Quinta-Feira, 12 de março de 2026

Postado às 13h45 | 22 Dez 2025 | Redação Justiça mantém contrato de empresa com Estado para prestação de serviços pediátricos no Hospital Tarcísio Maia

Crédito da foto: Imagem ilustrativa/TJRN O juiz Cícero Martins de Macedo Filho fixou o prazo de 90 dias para que seja formalizado o novo cont

A Justiça potiguar determinou que uma empresa mantenha a execução de um contrato firmado com o Estado do Rio Grande do Norte, por meio da Secretaria de Estado da Saúde Pública (SESAP), para prestação de serviços médicos de pediatria no Hospital Regional Tarcísio Maia, em Mossoró. O juiz Cícero Martins de Macedo Filho, da 4ª Vara da Fazenda Pública da Comarca de Natal, fixou o prazo de 90 dias para que seja formalizado o novo contrato, garantindo o pagamento pelos serviços nos mesmos valores contratuais.

De acordo com os autos, o Estado, por meio da Secretaria de Saúde do Rio Grande do Norte, firmou contrato com a referida empresa para prestação de serviços médicos na cidade de Mossoró. Sustenta que, diante da complexidade e necessidade de manutenção dos serviços de pediatria, deu-se início a um processo licitatório, na modalidade pregão, mas o lote 4, que se refere ao Hospital Tarcísio Maia, não teve empresa licitante vencedora, razão pela qual foi aberto um processo de contratação direta para suprir a demanda.

Desse modo, o Estado obteve autorização judicial para renovar o contrato sem nova licitação, contudo, a empresa se recusou a realizar a renovação sem um reajuste de preços. A respeito desse reajuste, o ente estadual alega que oneraria demais o preço do plantão contratado, já que a empresa recebe, desde 2017, um valor 23% maior para cada 12 horas trabalhadas, e com esta negativa, coloca em risco a assistência de toda a região por motivo financeiro, mesmo sem atrasos nos pagamentos por parte do Estado.

Já a empresa alegou que o ente estadual não reajustou os valores dos contratos, de forma que mantém a quantia, considerada defasada, desde 2017. Sustenta também a inadequação da via eleita pelo Estado, pois argumenta que a contratação emergencial tem caráter transitório, não podendo substituir a licitação e não se presta a eternizar vínculos.
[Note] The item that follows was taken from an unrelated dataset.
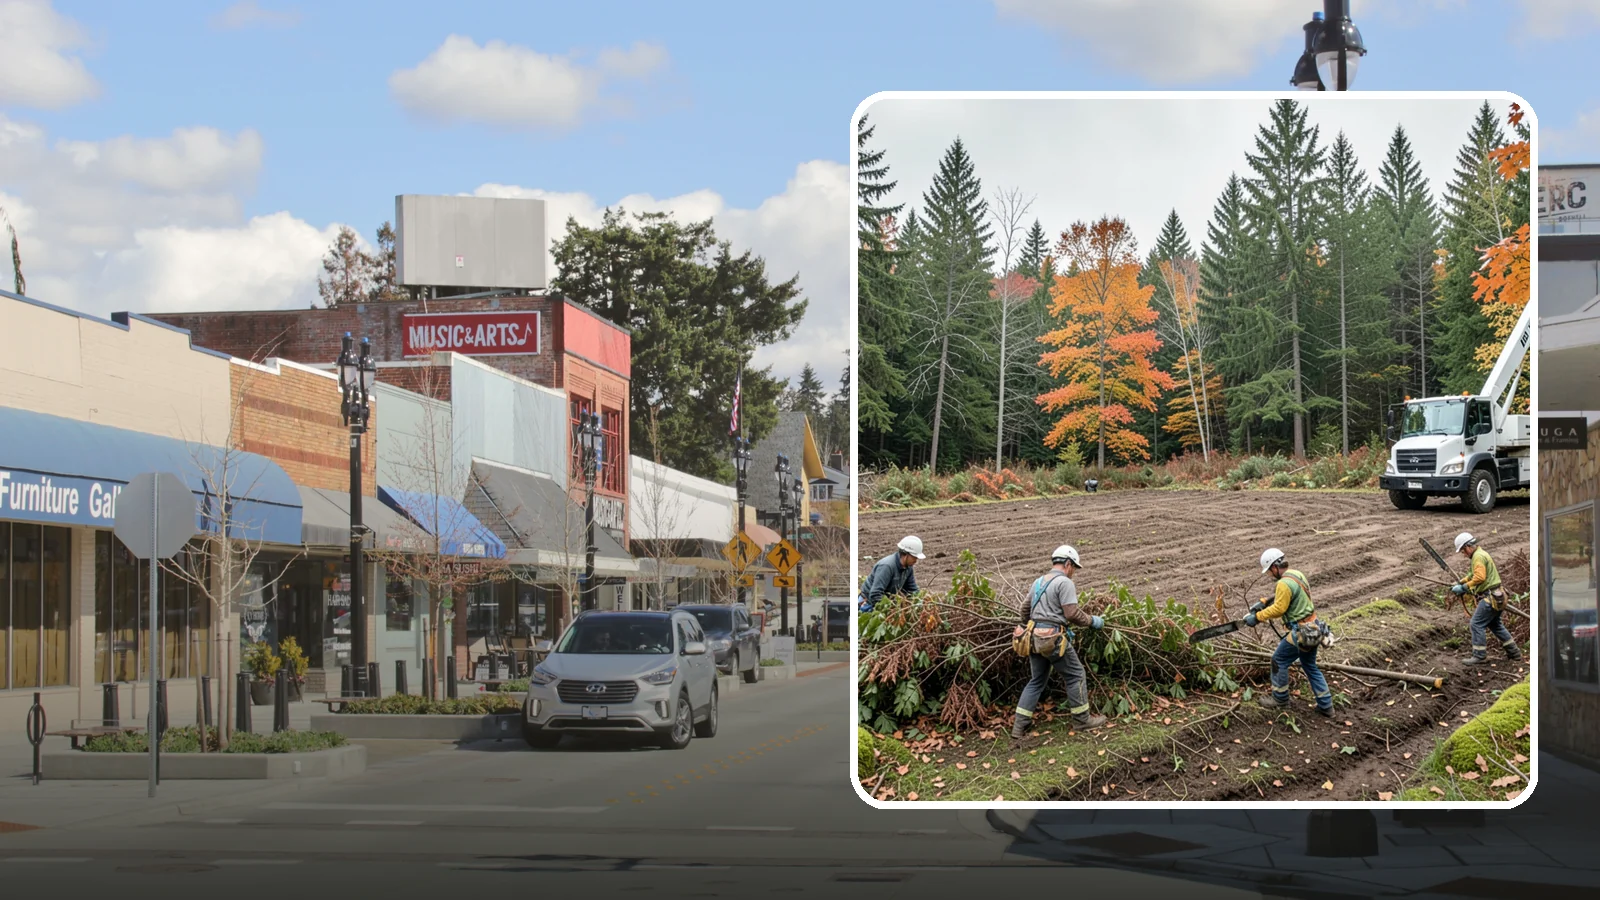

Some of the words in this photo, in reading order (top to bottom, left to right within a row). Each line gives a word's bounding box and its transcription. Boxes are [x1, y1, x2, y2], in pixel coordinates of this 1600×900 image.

Com isso, defendeu a necessidade de reajuste do contrato, pois afirma que nunca foi reajustado.

Análise jurídica do caso

Responsável por analisar os autos, o magistrado embasou-se no art.196 da Constituição Federal, ao citar a saúde como direito de todos e dever do Estado, o que impõe medidas jurídicas para assegurar a continuidade dos serviços públicos essenciais. No mesmo sentido, destacou também o princípio da dignidade da pessoa humana, que reforça a necessidade de tutela efetiva para evitar prejuízos irreparáveis, em especial a crianças, o público alvo do serviço em discussão.

“O contrato em apreço, regido pela Lei n° 8.666/1993, encontra previsão expressa para a prorrogação do seu prazo em situações excepcionais, tratando-se de serviço contínuo. No entanto, devem ser observados requisitos formais, tais como interesse da Administração, demonstração da vantagem econômica e justificativa adequada, motivos que ensejam em caráter excepcional a extensão por até 12 meses, conforme o art. 57 da Lei nº 8.666/1993”, explicou.

Por outro lado, o juiz afirmou ser legítima a pretensão da parte ré quanto ao reajuste dos valores pagos, especialmente quanto à atualização monetária. “O reajuste salientado, que visa superar a defasagem inflacionária acumulada desde 2017, não configura alteração contratual, mas medida essencial à manutenção do pacto firmado de forma equilibrada, conforme disposto no Código Civil”, esclareceu.

Nesse sentido, o magistrado salientou que a interrupção abrupta da prestação do serviço implicaria prejuízos incalculáveis à coletividade, especialmente a crianças em situação de vulnerabilidade, ferindo direitos constitucionais e princípios gerais do direito público. “Diante disso, a prorrogação requerida deve ser fixada pelo prazo de 90 dias, conforme solicitado pelo Estado, de forma a permitir ao ente público o tempo hábil para concluir o processo licitatório”, finalizou.